The fact that no participant experienced FOG events, while completing the gait assessment protocol is a phenomenon previously described by others [53, 54], who reported that PwP who commonly suffer of FOG in daily living do not manifest FOG when under examination in a research or clinical setting. It is suggested that a conscious focus on gait, as commonly happens when PwP are under examination, results in better gait performance and reduced FOG manifestation [54]. This effect indicates that future assessment of the technology should be based on more extended patient experiences of the technology’s usefulness for mitigating FOG, to capture FOG events occurring in natural daily live settings when patients are not being observed by an examiner.

The next step of development aims to design a minimized, clinically useful home-based tool that automatically delivers cues (triggered by a proximity sensor) and assesses gait parameters at regular intervals for the optimal adjustment of cues. Although the system will not be designed to detect FOG events, it will be installed in locations, where patients report frequently FOG experiences FOG (e.g., corridors, kitchen, entrance to bathroom) and deliver cues whenever the user’s approach is detected.
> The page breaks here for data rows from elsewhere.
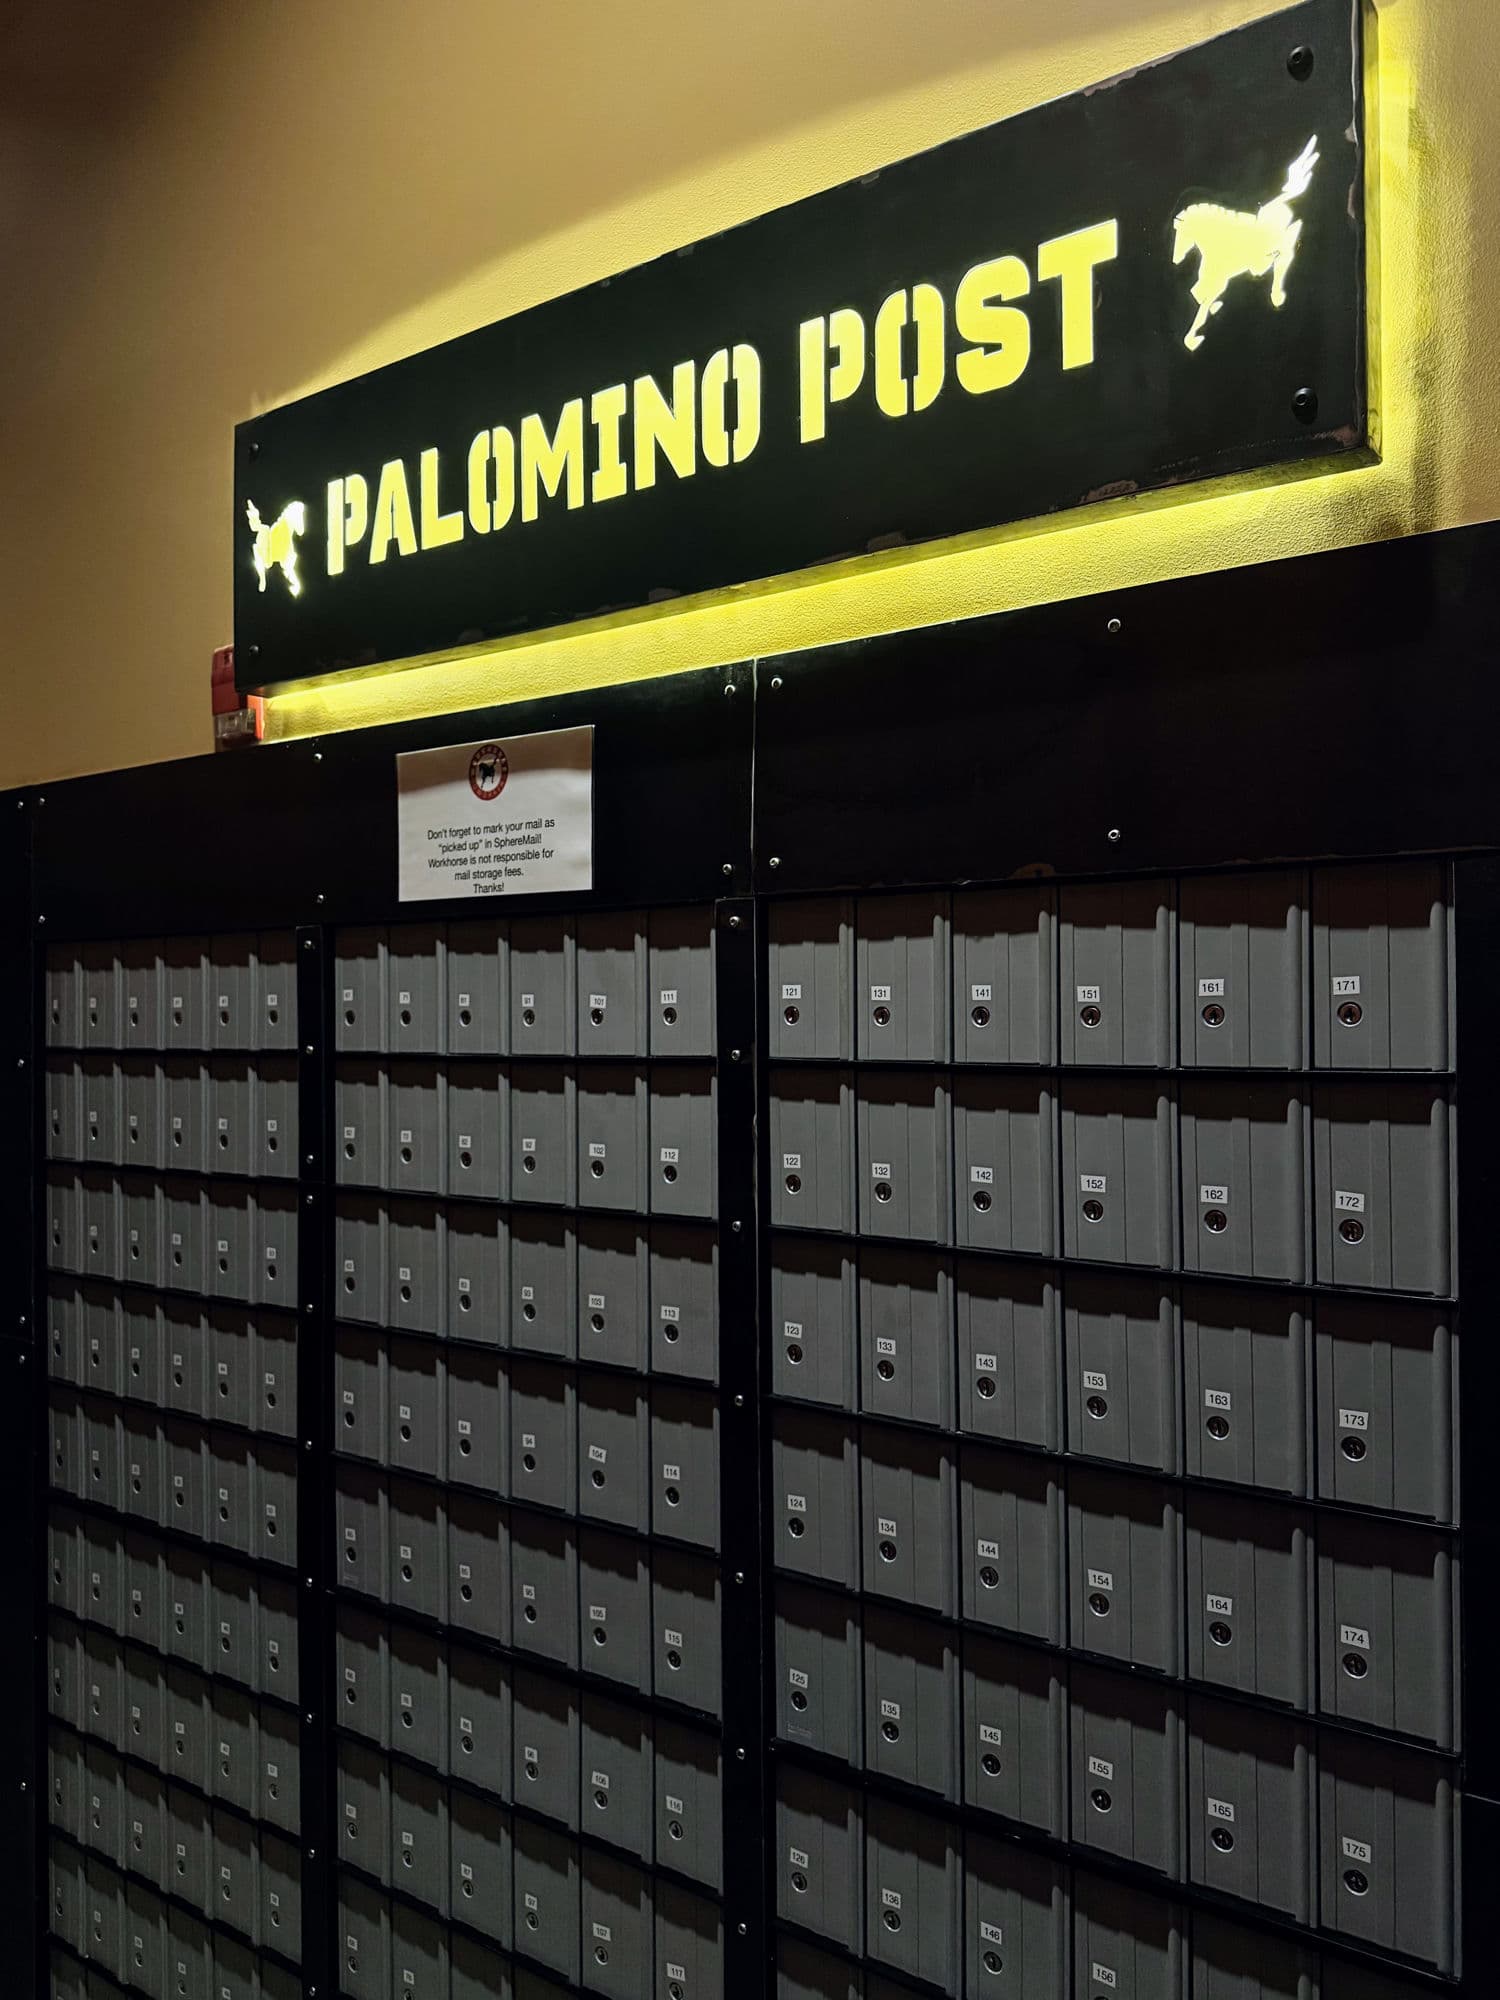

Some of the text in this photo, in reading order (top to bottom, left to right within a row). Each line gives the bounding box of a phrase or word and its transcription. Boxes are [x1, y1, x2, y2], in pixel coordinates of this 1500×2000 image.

[326, 218, 1118, 576] PALOMINO POST
[428, 818, 555, 840] Don't forget to mark your mail as
[484, 839, 492, 848] in
[494, 834, 542, 849] SphereMail!
[428, 848, 554, 868] Workhorse is not responsible for
[455, 867, 524, 880] mail storage fees.
[473, 882, 504, 894] Thanks!
[1202, 982, 1219, 993] 161
[1336, 980, 1356, 991] 171
[663, 993, 674, 1001] 111
[785, 987, 798, 997] 121
[873, 989, 887, 998] 131
[975, 988, 990, 997] 141
[1082, 989, 1097, 999] 151
[594, 997, 605, 1006] 101
[593, 1146, 604, 1155] 102
[664, 1151, 676, 1160] 112
[785, 1156, 799, 1166] 122
[874, 1166, 888, 1176] 132
[976, 1170, 992, 1181] 142
[1086, 1178, 1103, 1190] 152
[1204, 1189, 1224, 1200] 162
[1339, 1195, 1360, 1208] 172
[591, 1297, 602, 1306] 103
[786, 1325, 800, 1336] 123
[878, 1341, 893, 1352] 133
[978, 1357, 994, 1368] 143
[1086, 1375, 1104, 1387] 153
[1209, 1394, 1228, 1406] 163
[1344, 1414, 1365, 1427] 173
[592, 1449, 603, 1459] 104
[666, 1467, 678, 1477] 114
[790, 1498, 803, 1508] 124
[880, 1522, 895, 1534] 134
[981, 1544, 996, 1556] 144
[1092, 1574, 1110, 1586] 154
[1210, 1598, 1228, 1611] 164
[668, 1633, 680, 1645] 115
[1344, 1630, 1365, 1644] 174
[792, 1672, 806, 1685] 125
[883, 1703, 898, 1716] 135
[983, 1729, 999, 1742] 145
[1092, 1761, 1110, 1775] 155
[1212, 1803, 1232, 1818] 165
[1346, 1842, 1366, 1858] 175
[885, 1893, 900, 1906] 136
[984, 1927, 1000, 1941] 146
[671, 1967, 683, 1978] 117
[1096, 1968, 1114, 1983] 156
The protype developed and tested in this study is the first step in the development of a future minimized technology that automatically delivers cues in locations in the home were PwP report frequently FOG episodes. Such technology may have the advantage of releasing patients from the need to wear or manipulate devices, as in previously suggested technologies, such as cell phone or glasses. Forgetfulness, apathy and motor difficulties contribute to PD patients not using cueing modalities, hence automaticity of delivery could improve the usability of cueing.
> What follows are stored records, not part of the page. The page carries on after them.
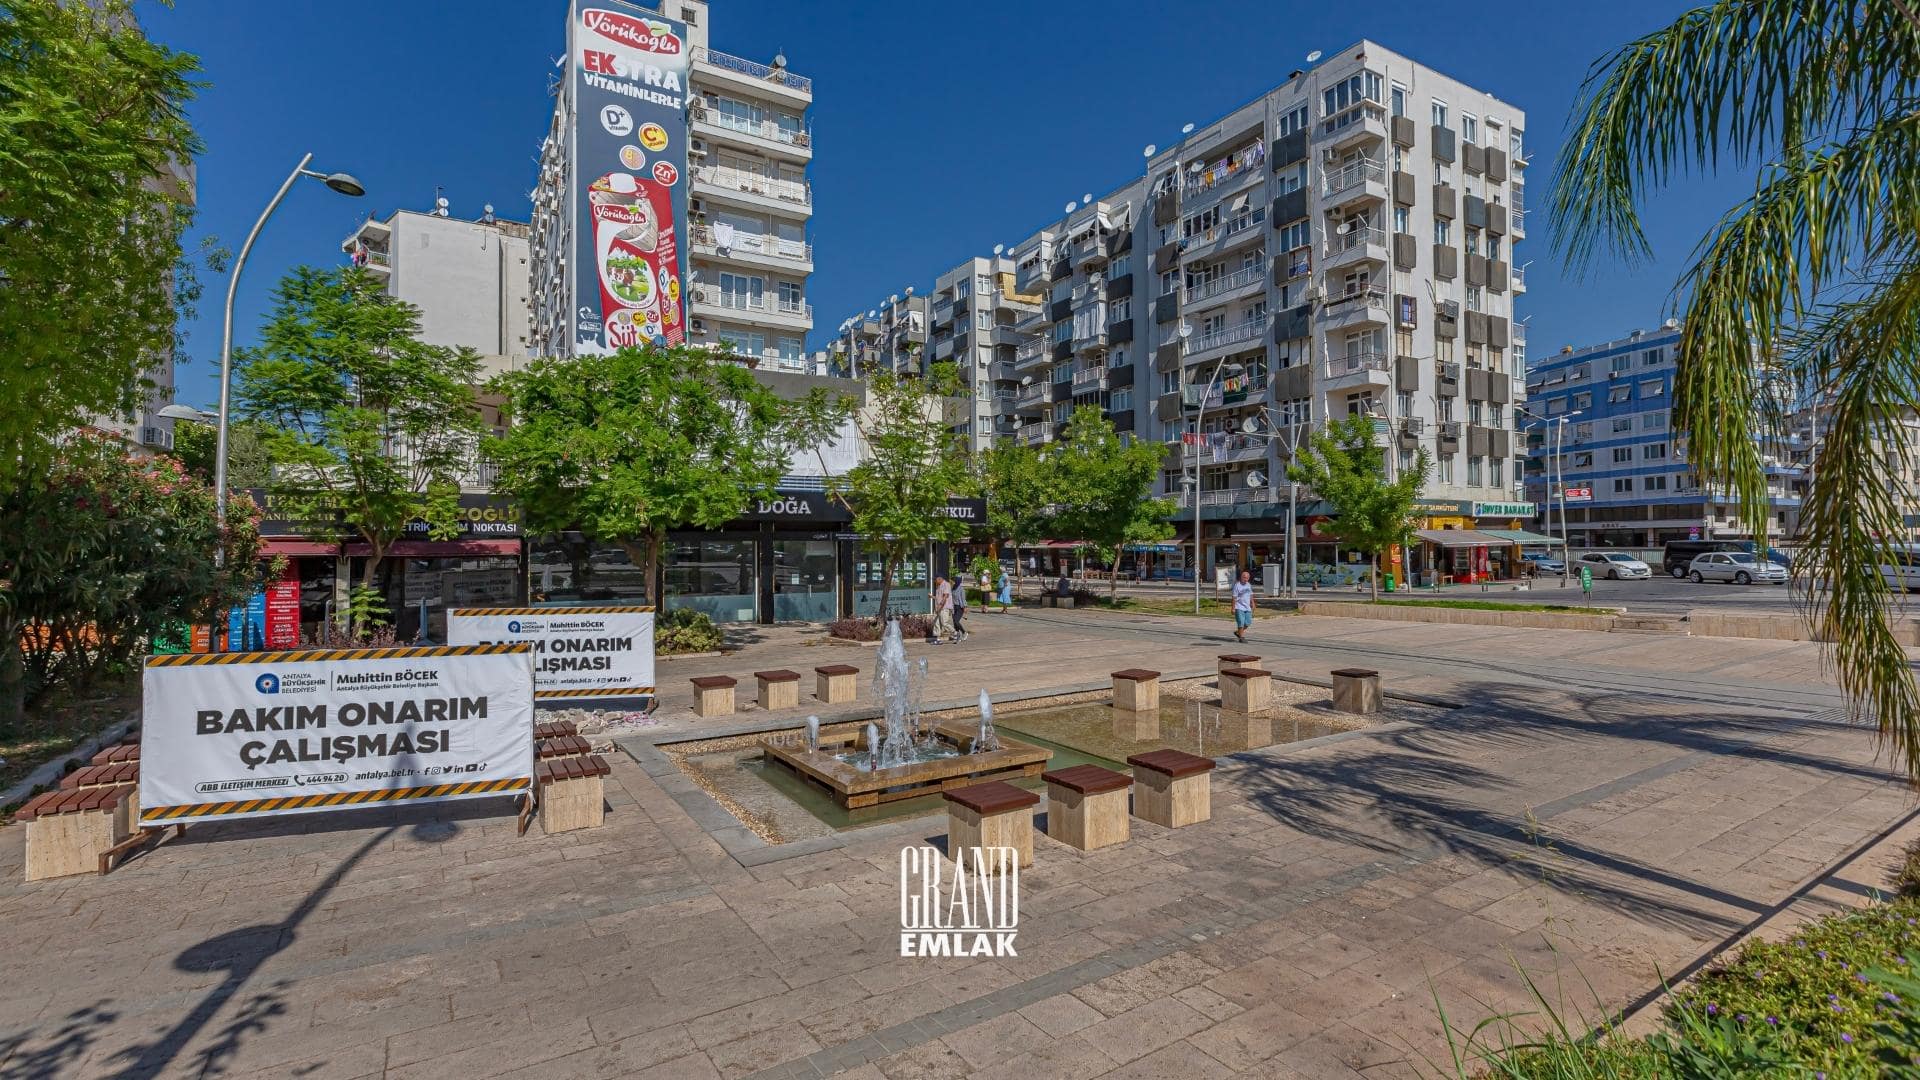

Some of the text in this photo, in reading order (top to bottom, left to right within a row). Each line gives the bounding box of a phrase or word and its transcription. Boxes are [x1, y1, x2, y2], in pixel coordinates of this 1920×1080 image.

[583, 49, 681, 92] EKSTRA
[583, 73, 682, 109] VİTAMİNLERLE
[608, 321, 637, 348] Süt
[757, 496, 812, 515] DOĞA
[473, 523, 517, 532] NOKTASI
[549, 621, 580, 629] Muhittin
[581, 620, 605, 628] BÖCEK
[551, 637, 632, 653] ONARIM
[281, 679, 326, 687] BÜYÜKŞEHİR
[336, 669, 438, 684] Muhittin BÖCEK
[281, 686, 317, 694] BELEDİYESİ
[196, 696, 488, 735] BAKIM ONARIM
[240, 729, 450, 770] ÇALIŞMASI
[200, 774, 345, 792] ABB İLETİŞİM MERKEZİ 444 94 20
[355, 769, 414, 781] antalya.bel.tr
This study has several limitations. First, the sample was small and homogenous in terms of cognitive function, and the interpretation of the results should, therefore, be made with caution. Second, the dimensions of the protype precluded placement in cluttered or narrow spaces, where FOG commonly occurs. This may be one of the reasons that FOG were not detected among participants in the current pilot study. In the next step of development, a minimized setup will enable the installation of technology in small spaces, and hopefully enable a more direct measurement of the technology’s effect on FOG. Third, inclusion of a FOG provoking test in the study protocol might have assisted in the observation and measurement of the effect of cueing on FOG, and will be included in the future studies. Additional limitations concern the relatively short walking area used to measure gait, which may have influenced the magnitude of gait variability values. Although such path length was previously used by others who assessed the effect of cueing on gait in PwP [46, 47]. Further research should also include a training session for the use of external cues, since familiarity with the task may also affect gait variables.

Other limitations are the participants’ single experience in the use of the cues modalities as well as assessing the participants in an “ON” state, which limited the possibility to ecologically assess the usefulness of the technology in mitigating FOG. Moreover, the fact that no participants experienced FOG during the pilot test (possibly due to the examiner’s presence) limited the ability to assess the effect of the technology on FOG reduction. Finally, the Kinect has been validated mostly in healthy younger adults and only limited evidence of its validity in PwP is available [32, 55,56,57].


The current feasibility study responds to the need for a technology that delivers cues in PwP’s homes. This study demonstrated the usability of a technological prototype and its positive effect on gait and potential effect on FOG. This is the first step toward the development of a home-based technology aimed to deliver individually adjusted cues automatically. The technology should, beyond the delivery of cues, plan to overcome other features of the disease that may affect its use.